No estábamos hablando de una venganza cualquiera, era
derrocar a un viejo y caduco imperio consolidado en la hipocresía del buen
samaritano. Este señor se jactaba de llevar una vida recta y divina, acorde a
lo estipulado por su máximo mandatario, Jesús.
Pero al contrario, era más falso que una corbata de seda
vendida en un comercio chino. Hablaba mal de los demás, criticaba a las
personas que bebían alcohol tachándolos muchas veces de alcohólicos, pero
casualidades de la vida la única persona a la que tenía que tirar cada dos
semanas magnas cantidades de botellas de “agua oxigenada” era a él.

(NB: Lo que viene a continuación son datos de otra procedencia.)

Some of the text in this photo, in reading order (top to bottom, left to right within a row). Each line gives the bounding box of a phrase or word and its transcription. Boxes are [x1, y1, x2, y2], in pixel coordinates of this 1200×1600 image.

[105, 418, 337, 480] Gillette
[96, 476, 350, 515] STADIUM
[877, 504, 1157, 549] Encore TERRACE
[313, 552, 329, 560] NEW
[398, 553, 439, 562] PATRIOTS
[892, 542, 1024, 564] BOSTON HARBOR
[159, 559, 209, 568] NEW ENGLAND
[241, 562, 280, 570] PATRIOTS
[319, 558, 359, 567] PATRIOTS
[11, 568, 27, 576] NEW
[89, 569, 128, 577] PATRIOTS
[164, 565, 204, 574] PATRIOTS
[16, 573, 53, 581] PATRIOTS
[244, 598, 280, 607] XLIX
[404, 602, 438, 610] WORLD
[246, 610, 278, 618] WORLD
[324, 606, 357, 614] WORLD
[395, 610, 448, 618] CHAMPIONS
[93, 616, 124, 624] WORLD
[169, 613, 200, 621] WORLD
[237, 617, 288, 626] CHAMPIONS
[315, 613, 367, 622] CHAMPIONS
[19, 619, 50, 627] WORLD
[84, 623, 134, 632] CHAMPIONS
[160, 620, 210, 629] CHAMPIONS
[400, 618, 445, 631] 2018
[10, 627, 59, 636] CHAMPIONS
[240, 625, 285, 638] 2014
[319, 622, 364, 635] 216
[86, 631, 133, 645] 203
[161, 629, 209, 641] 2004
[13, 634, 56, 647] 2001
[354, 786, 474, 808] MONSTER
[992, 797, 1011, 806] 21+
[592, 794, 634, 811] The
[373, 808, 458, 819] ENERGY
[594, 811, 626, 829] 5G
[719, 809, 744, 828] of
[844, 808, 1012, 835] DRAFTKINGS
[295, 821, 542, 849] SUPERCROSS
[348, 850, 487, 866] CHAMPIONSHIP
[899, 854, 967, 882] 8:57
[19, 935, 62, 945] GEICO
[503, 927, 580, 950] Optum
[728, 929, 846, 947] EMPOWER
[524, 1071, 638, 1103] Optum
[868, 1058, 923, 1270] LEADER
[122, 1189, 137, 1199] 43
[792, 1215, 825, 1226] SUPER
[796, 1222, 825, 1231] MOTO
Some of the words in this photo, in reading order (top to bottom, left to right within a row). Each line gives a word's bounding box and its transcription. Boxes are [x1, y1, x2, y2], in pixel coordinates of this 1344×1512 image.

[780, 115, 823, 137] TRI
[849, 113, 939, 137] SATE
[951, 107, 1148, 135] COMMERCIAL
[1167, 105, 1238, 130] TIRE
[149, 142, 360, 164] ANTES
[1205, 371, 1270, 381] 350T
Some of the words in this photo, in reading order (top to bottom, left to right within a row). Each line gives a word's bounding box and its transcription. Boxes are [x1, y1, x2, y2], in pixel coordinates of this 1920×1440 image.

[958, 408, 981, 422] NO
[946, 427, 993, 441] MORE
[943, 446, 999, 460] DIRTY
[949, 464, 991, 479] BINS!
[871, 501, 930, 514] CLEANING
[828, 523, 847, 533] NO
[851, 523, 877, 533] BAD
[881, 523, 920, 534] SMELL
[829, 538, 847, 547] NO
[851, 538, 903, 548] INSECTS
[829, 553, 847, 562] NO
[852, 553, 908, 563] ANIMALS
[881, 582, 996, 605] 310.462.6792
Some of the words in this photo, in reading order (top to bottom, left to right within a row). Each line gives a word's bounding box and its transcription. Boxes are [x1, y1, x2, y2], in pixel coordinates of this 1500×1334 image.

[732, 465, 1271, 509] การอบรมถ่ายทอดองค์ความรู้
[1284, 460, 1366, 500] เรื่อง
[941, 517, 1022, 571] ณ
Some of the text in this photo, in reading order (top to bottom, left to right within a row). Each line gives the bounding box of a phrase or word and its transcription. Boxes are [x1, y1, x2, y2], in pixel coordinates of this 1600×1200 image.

Habla con desprecio de las personas que apenas saben vestir
con “dignidad” como dice. Pero es gracioso cuando uno es conocedor de los
pequeños detalles de cada vecino, que su ropa era confeccionada por una antigua
empleada que tuvo en una costuraría, la cual hacía todos los apaños gratis al
señor en una especie de sumisión servil que pensé que dejó de existir allá por
la Revolución Industrial, pero no.
Podría seguir enumerando estas lindezas por parte de Don
Ramón, por ejemplo, al poco de llegar aquí me acuso de haberle rayado su coche
con el mío en el parking, menos mal, además lo recalco, porque el hijo de mil
serpientes venenosas quería denunciarme, que las marcas de mi coche fueron
fruto de un golpe anterior y tenía allí el parte (Bendito día que me dio por
saltarme el stop, ese mini accidente me salvó de una denuncia por parte de Don
Ramón).
Se inventaba aspectos de la vida de los demás, con la tan
poca inteligencia que sus argucias eran similares a las de un niño de cuatro
años con problemas de riego sanguíneo en el cerebro. Al poco de llegar, le
comenté que me gustaba de vez en cuando dar paseos con el coche, y que ese
preciso fin de semana, iba a viajar hasta Alicante capital para visitar a unos
parientes.
A los dos días, viene una vecina preocupada diciéndome que
había rumores de que los fines de semana desaparecía del lugar y claro, al ser
yo el encargado de las llaves del edificio, si surgía algún inconveniente no
podría llegar a tiempo.
Yo me quedé extrañado, porque de Valencia hasta Alicante hay
un pequeño trecho además de que Don César tiene todas las llaves del edificio
también, como el administrador. Pero sorpresas de la vida, ¡El cabrón de Don
Ramón se inventó que yo de viernes a sábado me iba a Sevilla!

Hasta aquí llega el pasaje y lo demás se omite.